Le mouvement «platiste» (personnes convaincues que la Terre est plate) semble gagner du terrain. On lit par exemple sur le site de la RTBF[1] que la «Flat Earth Society», forte de milliers de membres, compte organiser une expédition en Antarctique pour prouver la platitude de notre planète, un grand disque limité à ses bords par des murs de glace… Pour éviter qu’on ne tombe. Pour se convaincre du contraire, et avant que l’expédition ne livre ses intéressantes conclusions, faisons donc un peu de géométrie, terme qui signifie justement «mesure de la Terre». Mais de la géométrie expérimentale et amusante! Voici donc trois observations, géniales réfutations de la «Terre plate», qui ont sans doute été effectuées depuis des temps très reculés autour du bassin méditerranéen. Pour les refaire, Il suffit de regarder le ciel nocturne ou la mer, et de réfléchir: un sain exercice d’observation et de raisonnement, à montrer à ses enfants ou étudiant·e·s. Voici donc trois bons moyens de résister aux grotesques discours platistes.

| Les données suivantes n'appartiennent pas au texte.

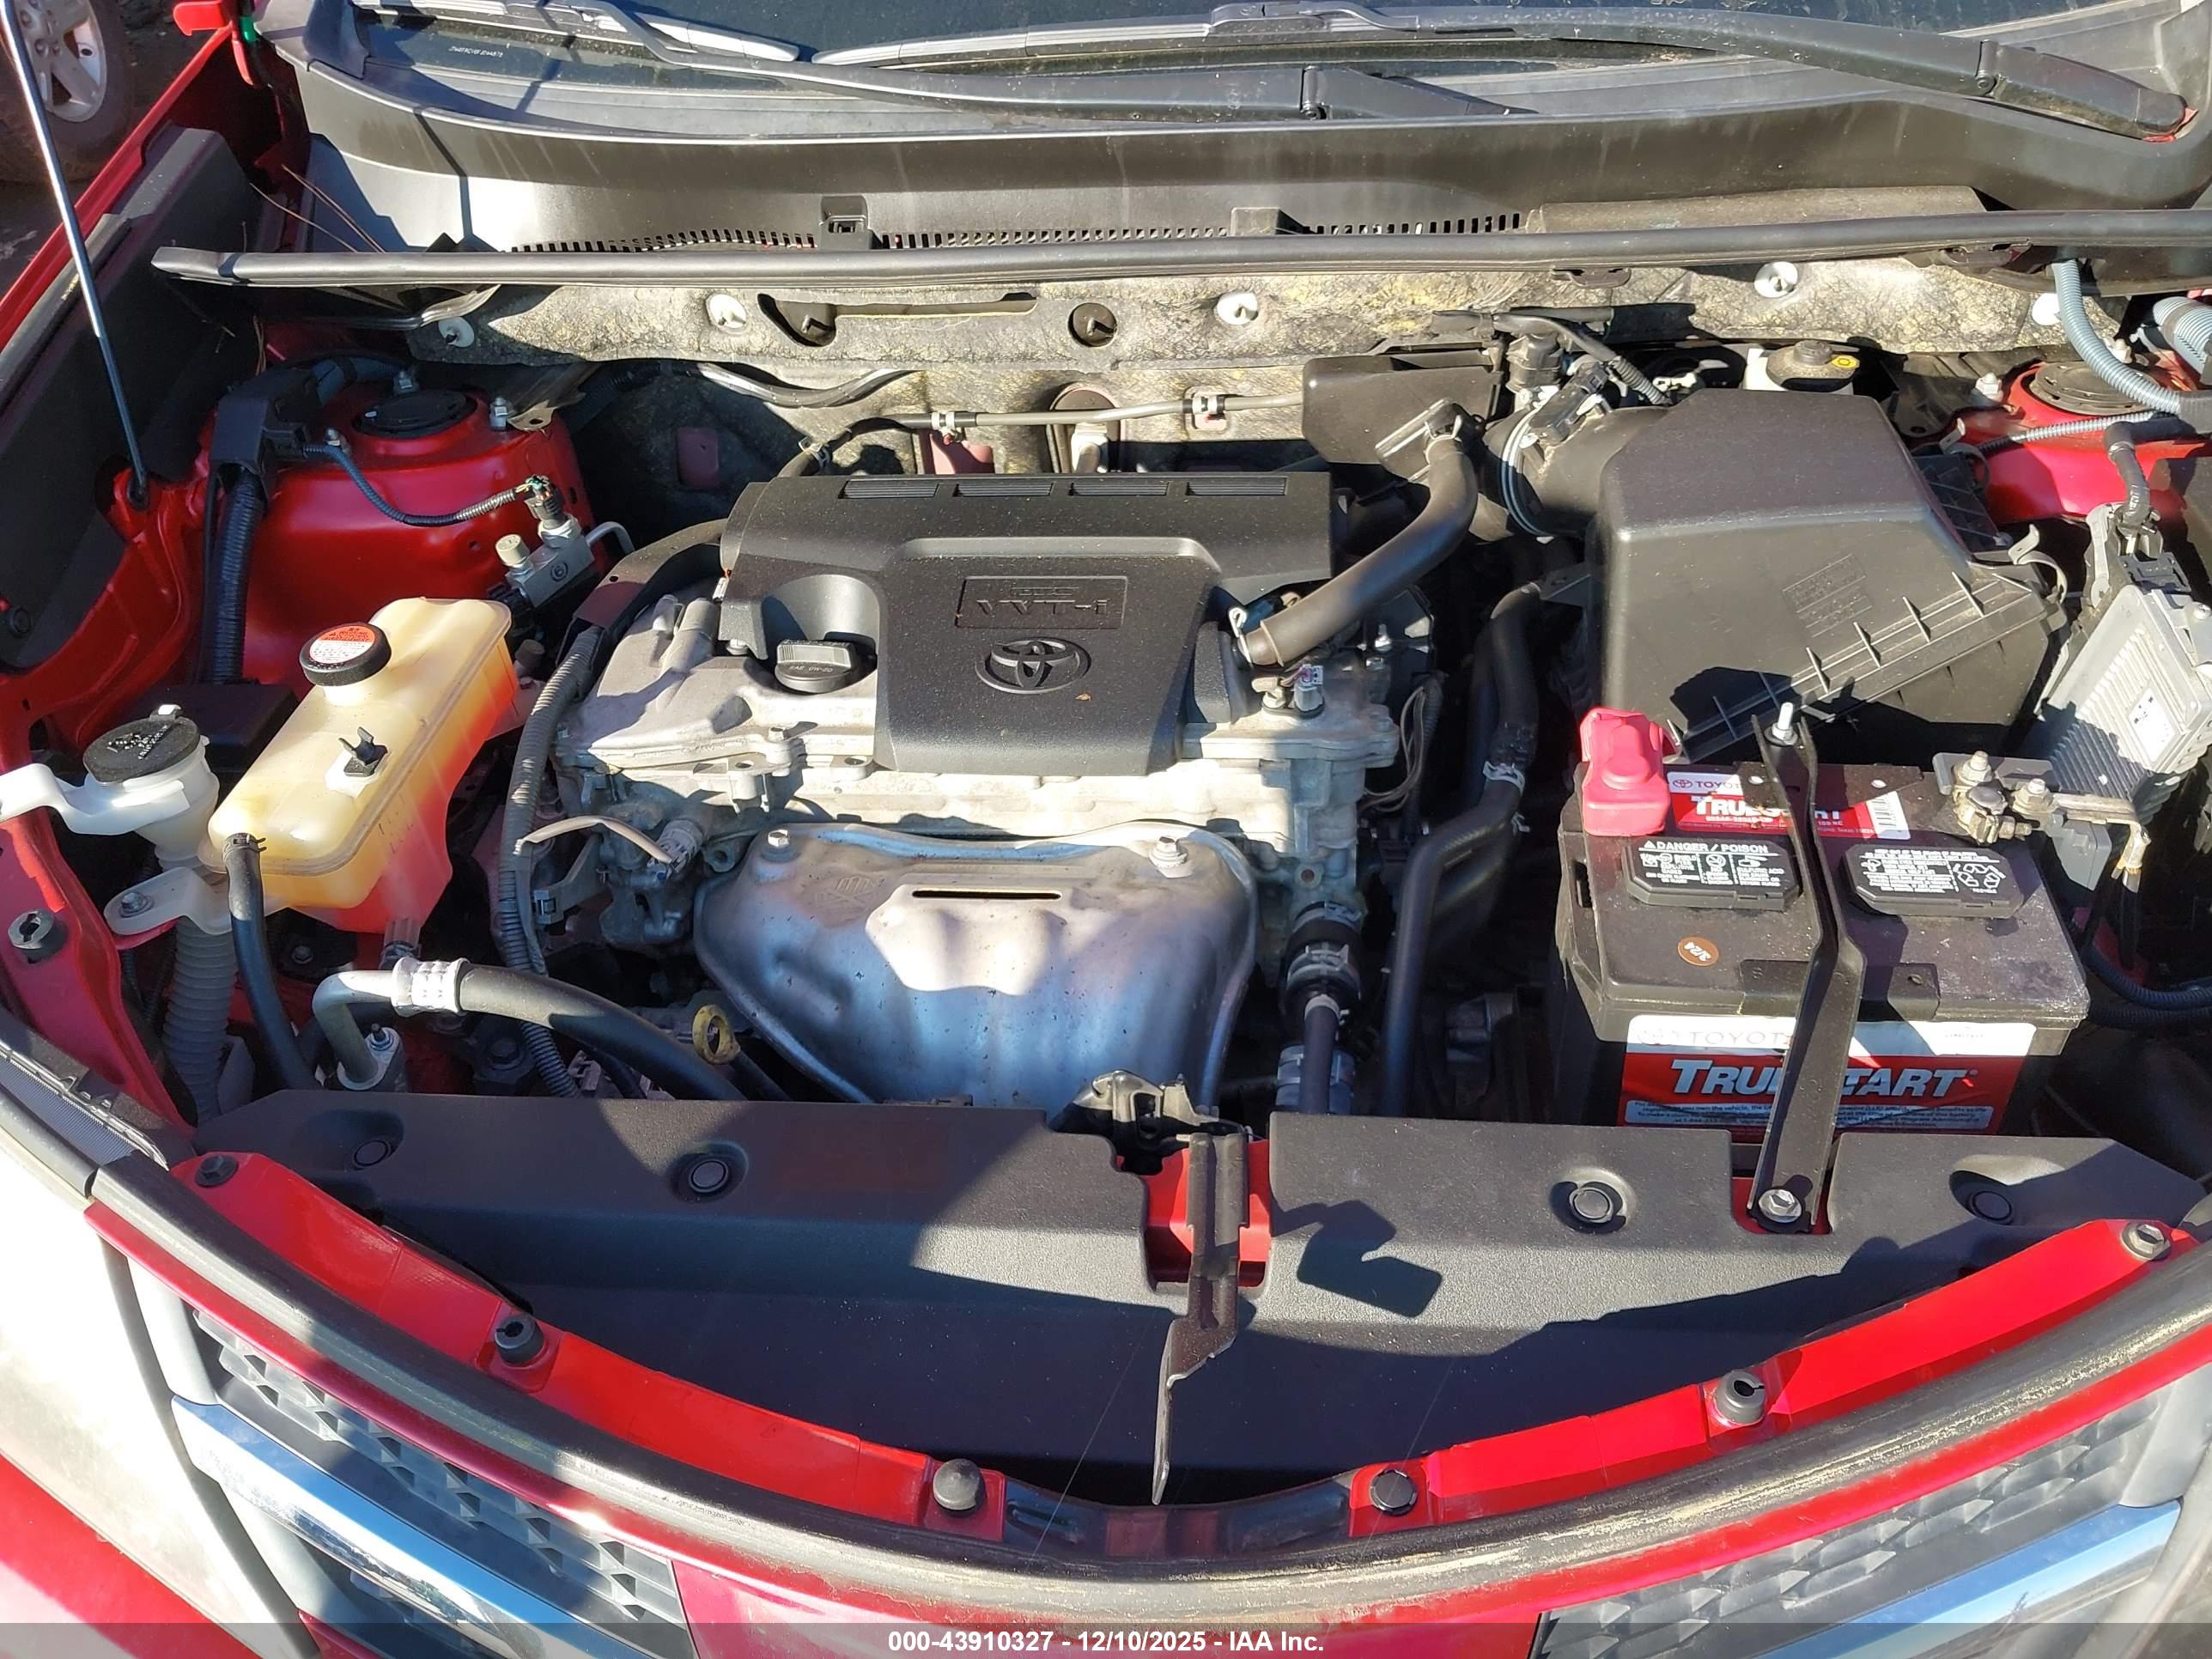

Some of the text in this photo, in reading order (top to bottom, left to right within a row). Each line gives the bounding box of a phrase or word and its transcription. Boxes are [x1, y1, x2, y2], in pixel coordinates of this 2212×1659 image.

[1695, 781, 1741, 789] TOYOT
[1656, 841, 1709, 852] DANGER
[1721, 844, 1769, 854] POISON
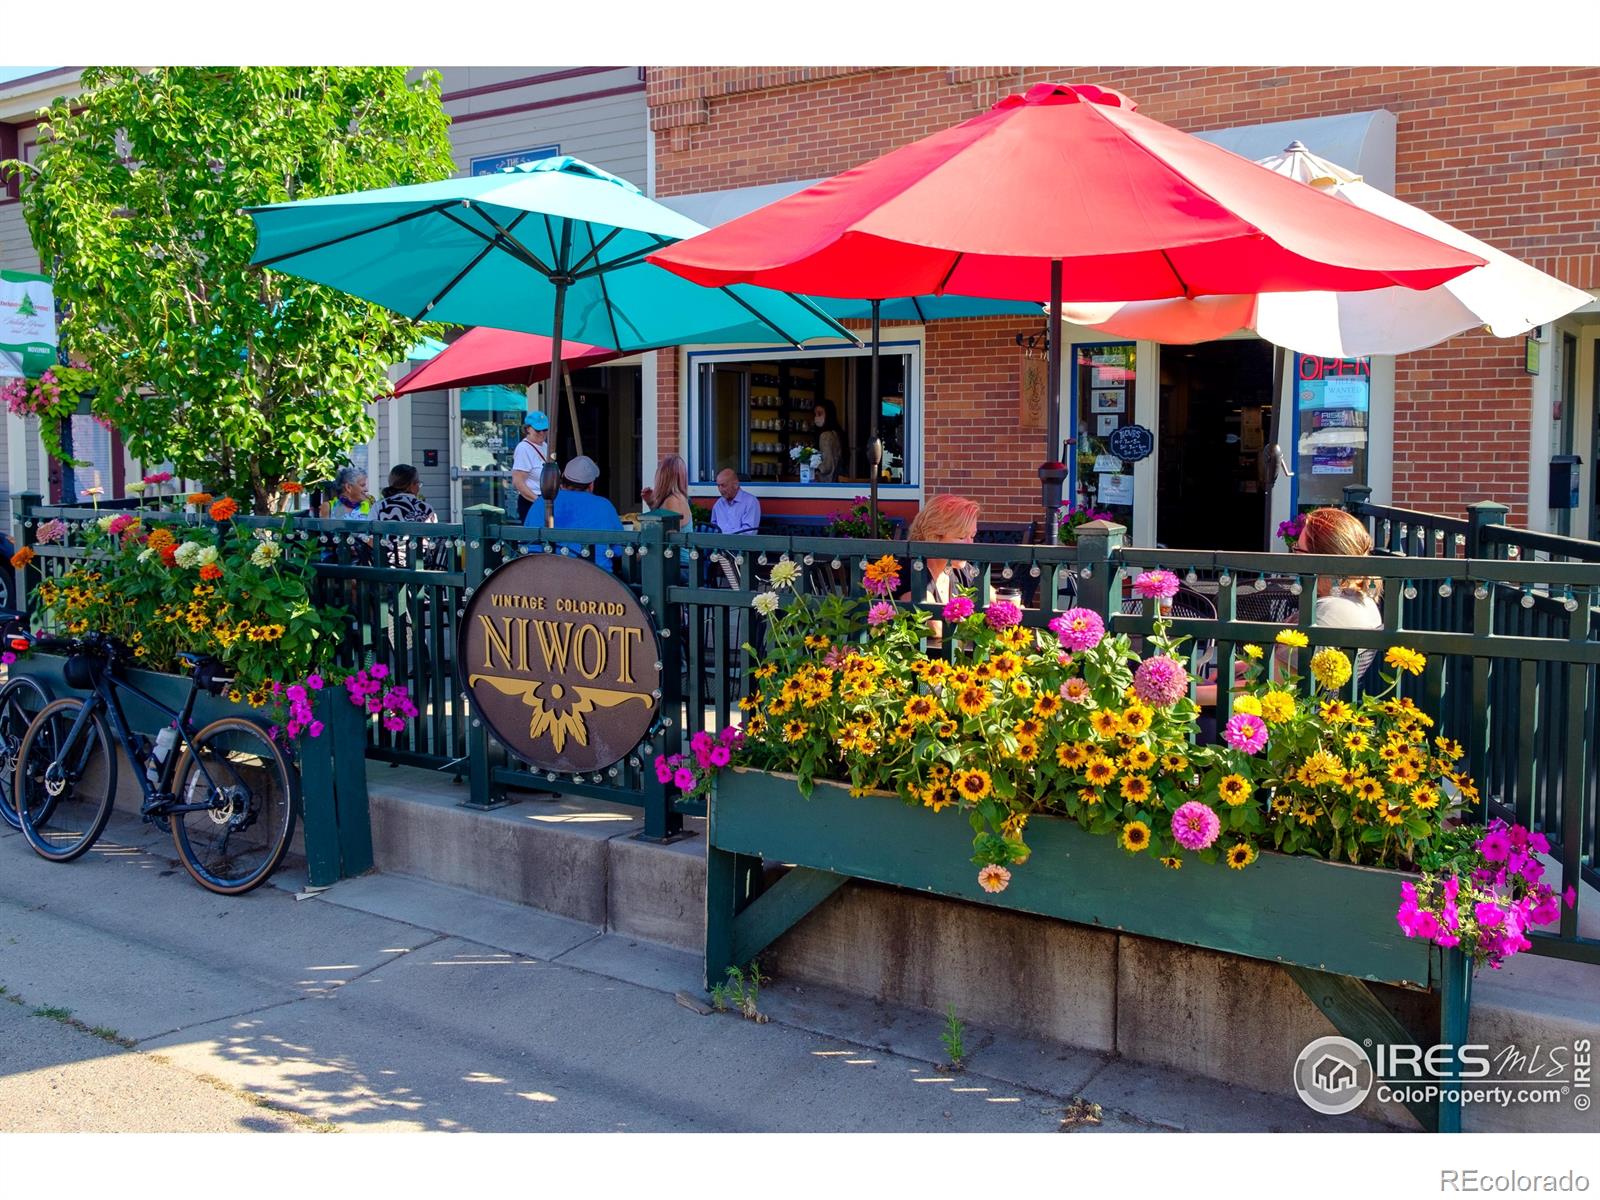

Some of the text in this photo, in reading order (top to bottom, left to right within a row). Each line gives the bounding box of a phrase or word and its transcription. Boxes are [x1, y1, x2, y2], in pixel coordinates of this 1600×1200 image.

[491, 594, 625, 616] VINTAGE COLORADO
[478, 615, 642, 684] NIWOT
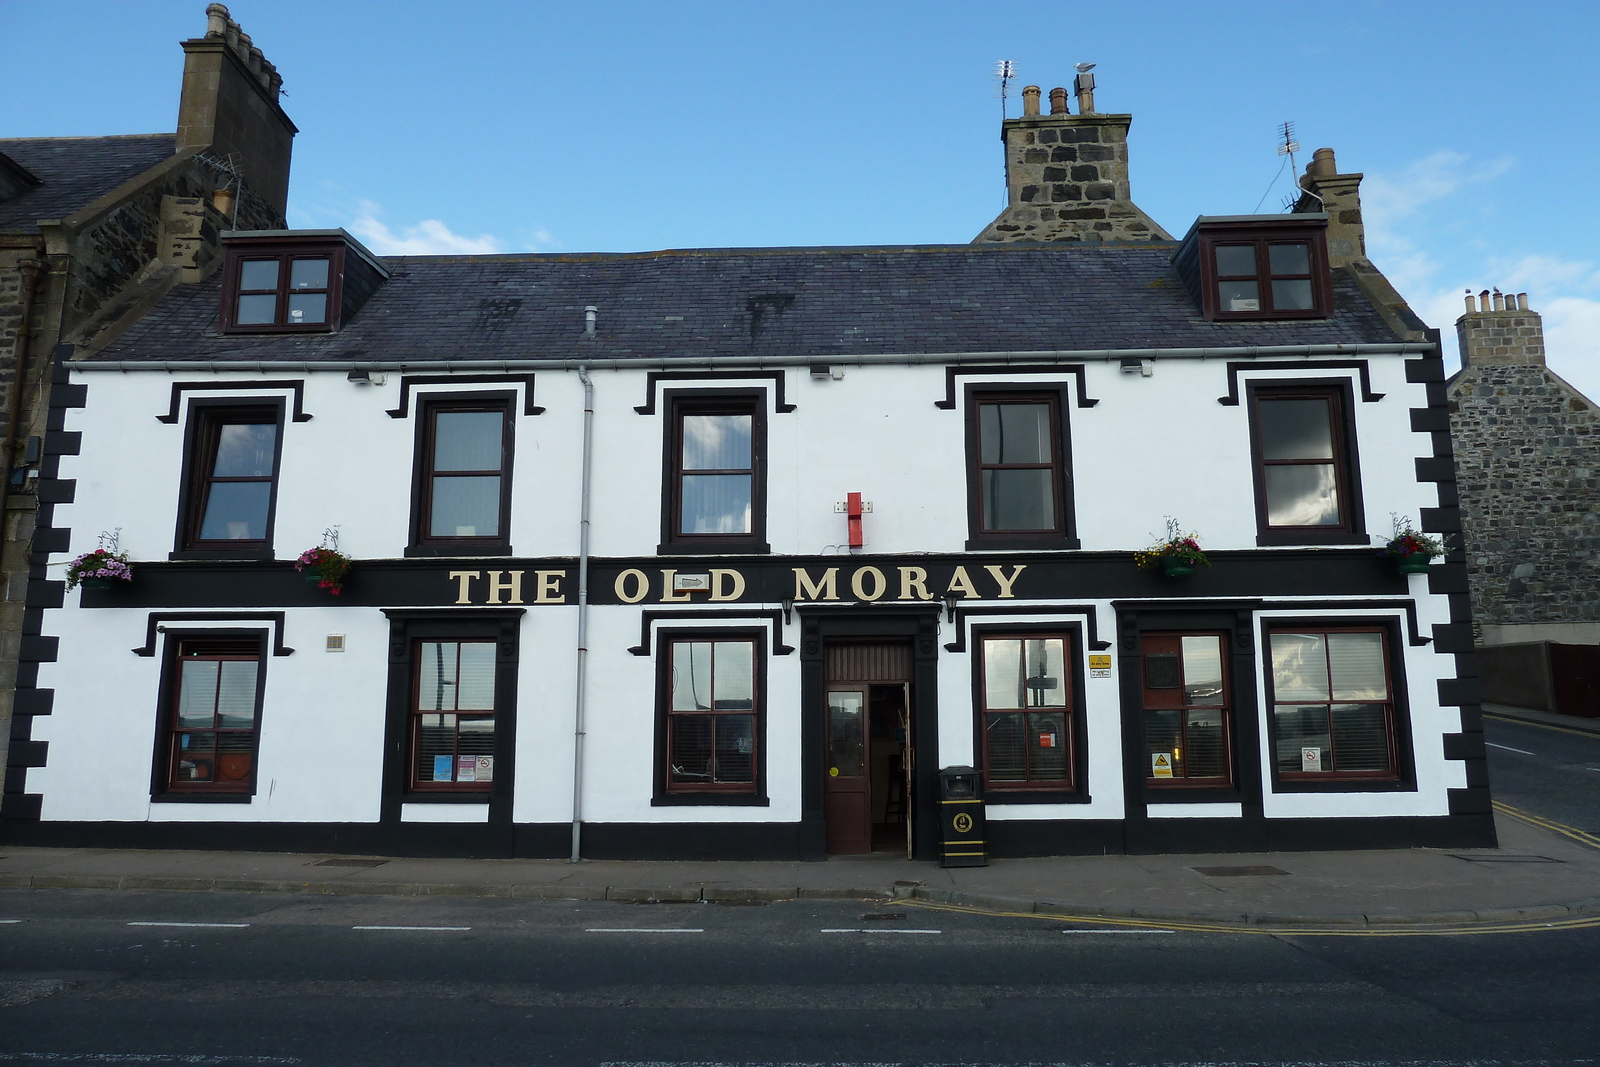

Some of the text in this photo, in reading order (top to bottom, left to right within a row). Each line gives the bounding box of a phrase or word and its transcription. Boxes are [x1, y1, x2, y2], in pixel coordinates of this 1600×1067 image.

[449, 565, 1027, 604] THE OLD MORAY

Premier indice: étoiles englouties par l’horizon
Lorsqu’on observe le ciel nocturne d’un point donné à un moment donné (disons, Marseille un 20 juillet à minuit), on peut voir des étoiles, dont certaines sont assez bas côté Sud (Antarès, par exemple, dans la constellation du Scorpion). Si on voyage vers le Nord en tournant le dos à Antarès, on constate qu’elle brille de plus en plus bas sur l’horizon. Depuis Bruxelles, elle n’est déjà presque plus visible, et disparaît même tout à fait sous l’horizon lorsqu’on arrive en Norvège. À l’inverse, si on voyage vers le Sud, Antarès brille de plus en plus haut (elle trône même au zénith en arrivant en Namibie); et surtout, de nouvelles étoiles, invisibles au début du voyage, apparaissent en-dessous d’Antarès, comme par exemple, la belle constellation de la Croix du Sud, rigoureusement invisible de Marseille. Le fait que, d’une part, Antarès ait été engloutie par l’horizon lorsqu’on va vers le Nord, et que d’autre part, des étoiles nouvelles apparaissent quand on va vers le Sud, montre bien que nous sommes sur une Terre sphérique, ou tout au moins, pas plate. En effet, en se promenant sur une Terre plate, on verrait certes Antarès de plus en plus bas en allant vers le Nord, mais elle ne disparaîtrait jamais tout à fait. Et en allant vers le Sud, on ne verrait pas de nouvelles étoiles apparaître: on ne ferait que mieux voir les étoiles déjà visibles côté Sud de notre point de départ. En somme, dans l’hypothèse platiste où la Terre plate est surplombée par un plafond d’étoiles, tout le monde sur Terre verrait les mêmes étoiles, mais sous des perspectives différentes. Précisons à quiconque est curieux de vérifier cela qu’un voyage jusqu’à la Scandinavie ou la Namibie n’est pas nécessaire: à l’œil nu, on observe aisément ces effets pour des voyages Nord-Sud de quelques centaines de km (Italie-Tunisie, par exemple, ou Bruxelles-Marseille). Ces observations étaient donc largement à la portée de fins observateurs comme les marins de l’Antiquité.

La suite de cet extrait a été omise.